REQUIRED WORK:
Make the copy match the entries below exactly, with no pictures carried over.

[Extracted records]
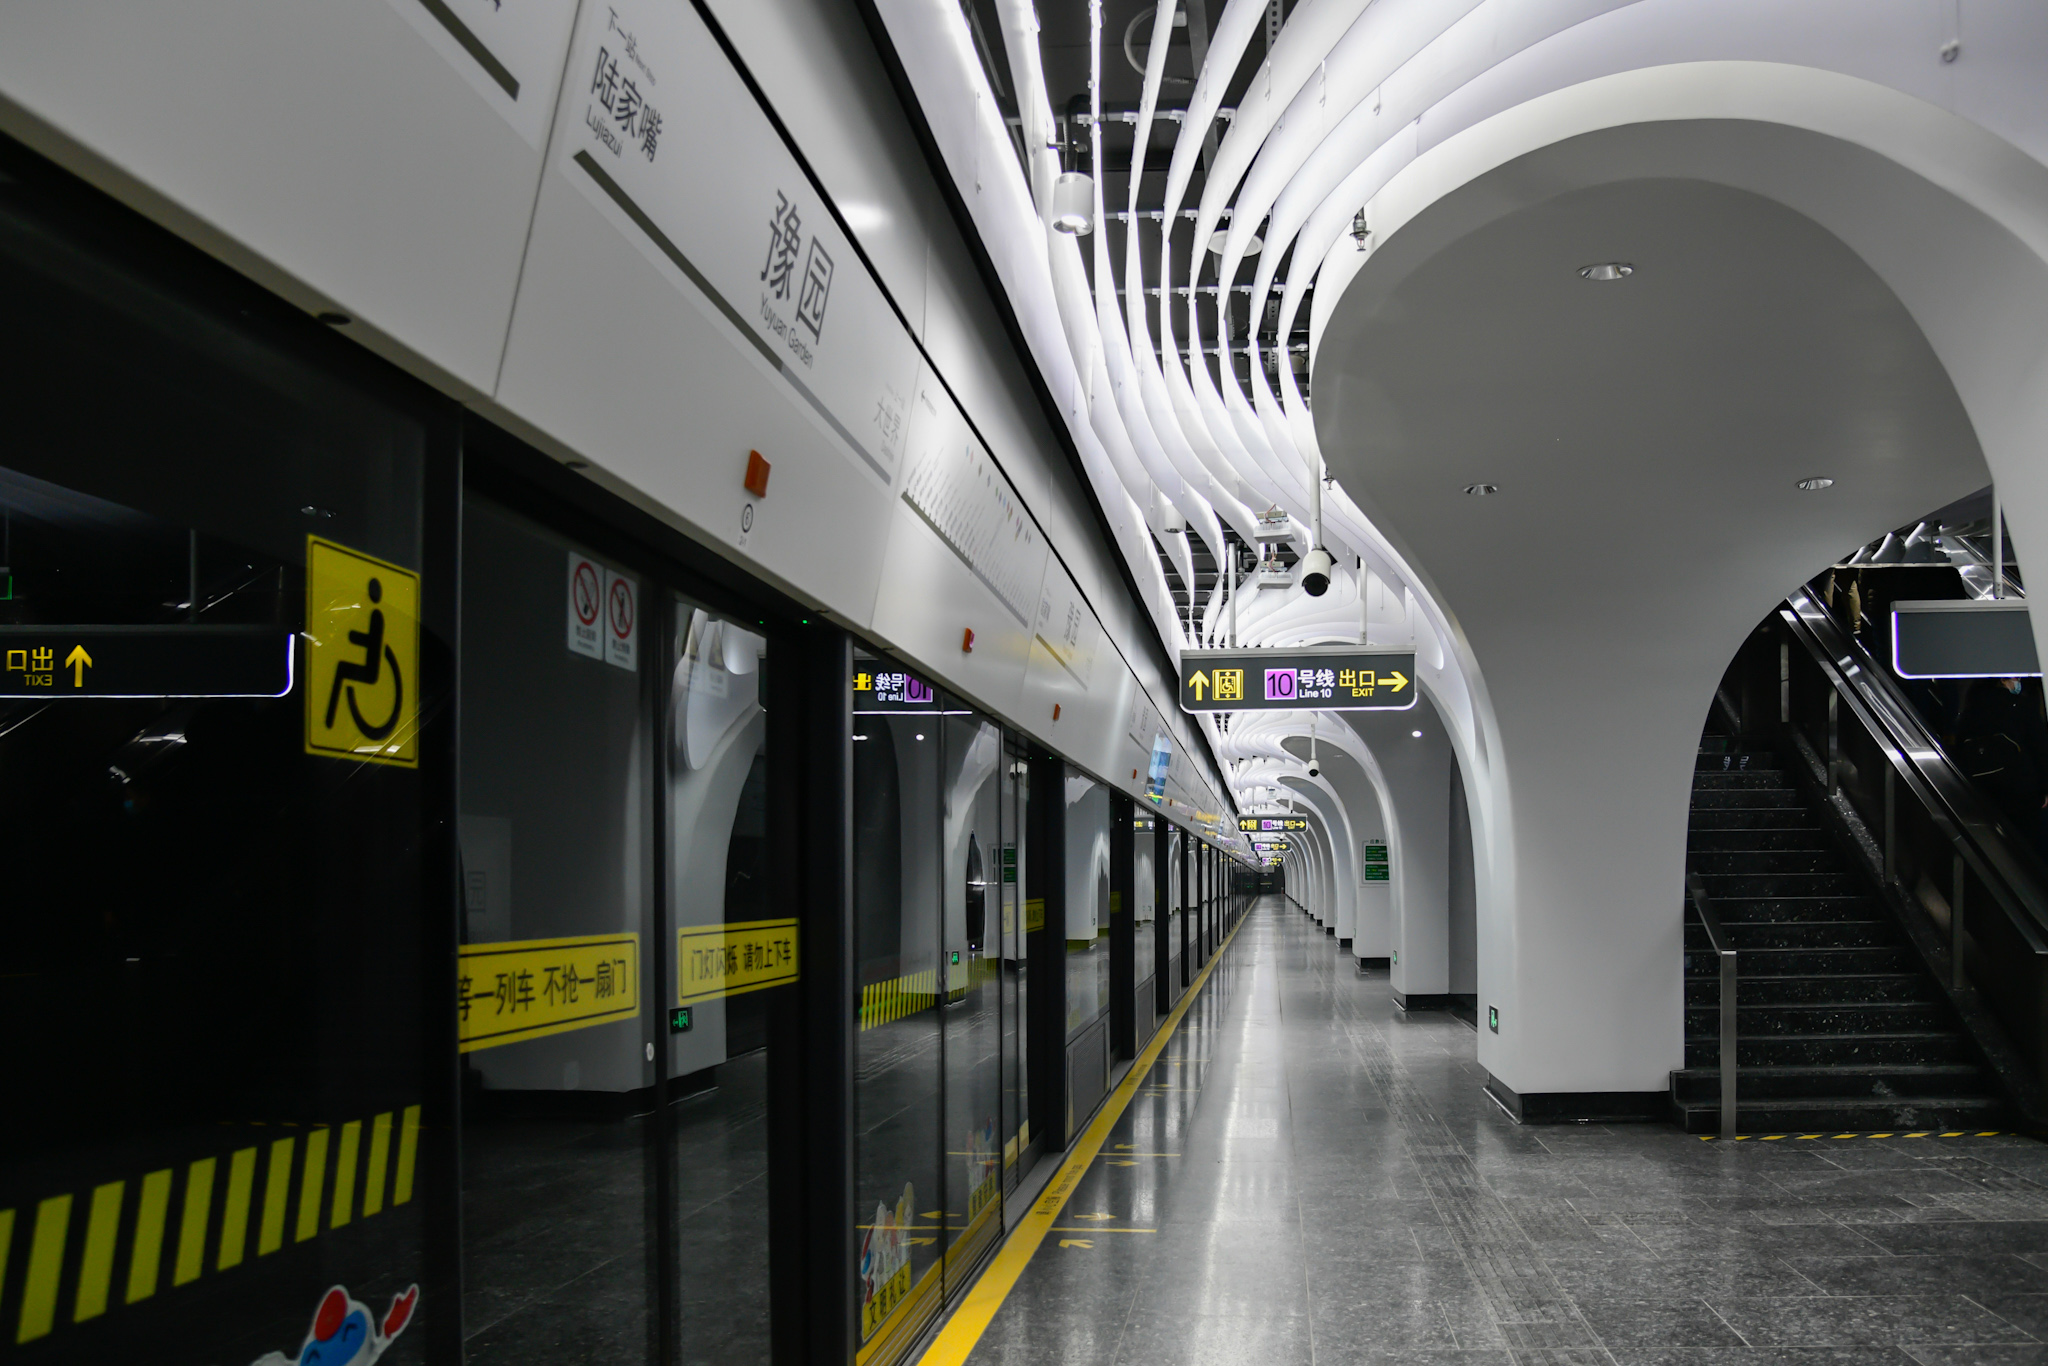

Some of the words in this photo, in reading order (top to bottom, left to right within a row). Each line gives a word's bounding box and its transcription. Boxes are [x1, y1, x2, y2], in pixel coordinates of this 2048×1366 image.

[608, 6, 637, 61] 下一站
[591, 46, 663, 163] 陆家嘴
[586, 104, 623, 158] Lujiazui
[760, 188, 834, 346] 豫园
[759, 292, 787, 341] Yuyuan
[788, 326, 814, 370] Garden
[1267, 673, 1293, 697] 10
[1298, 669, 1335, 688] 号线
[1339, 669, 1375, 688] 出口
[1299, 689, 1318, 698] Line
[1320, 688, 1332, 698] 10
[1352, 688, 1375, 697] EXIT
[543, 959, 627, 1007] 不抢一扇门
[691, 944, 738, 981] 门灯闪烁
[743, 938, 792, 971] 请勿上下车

WRITTEN REPLY:
Some of the words in this photo, in reading order (top to bottom, left to right within a row). Each line gives a word's bounding box and its transcription. Boxes are [x1, y1, x2, y2], in pixel coordinates of this 2048×1366 image.

[608, 6, 637, 61] 下一站
[591, 46, 663, 163] 陆家嘴
[586, 104, 623, 158] Lujiazui
[760, 188, 834, 346] 豫园
[759, 292, 787, 341] Yuyuan
[788, 326, 814, 370] Garden
[1267, 673, 1293, 697] 10
[1298, 669, 1335, 688] 号线
[1339, 669, 1375, 688] 出口
[1299, 689, 1318, 698] Line
[1320, 688, 1332, 698] 10
[1352, 688, 1375, 697] EXIT
[543, 959, 627, 1007] 不抢一扇门
[691, 944, 738, 981] 门灯闪烁
[743, 938, 792, 971] 请勿上下车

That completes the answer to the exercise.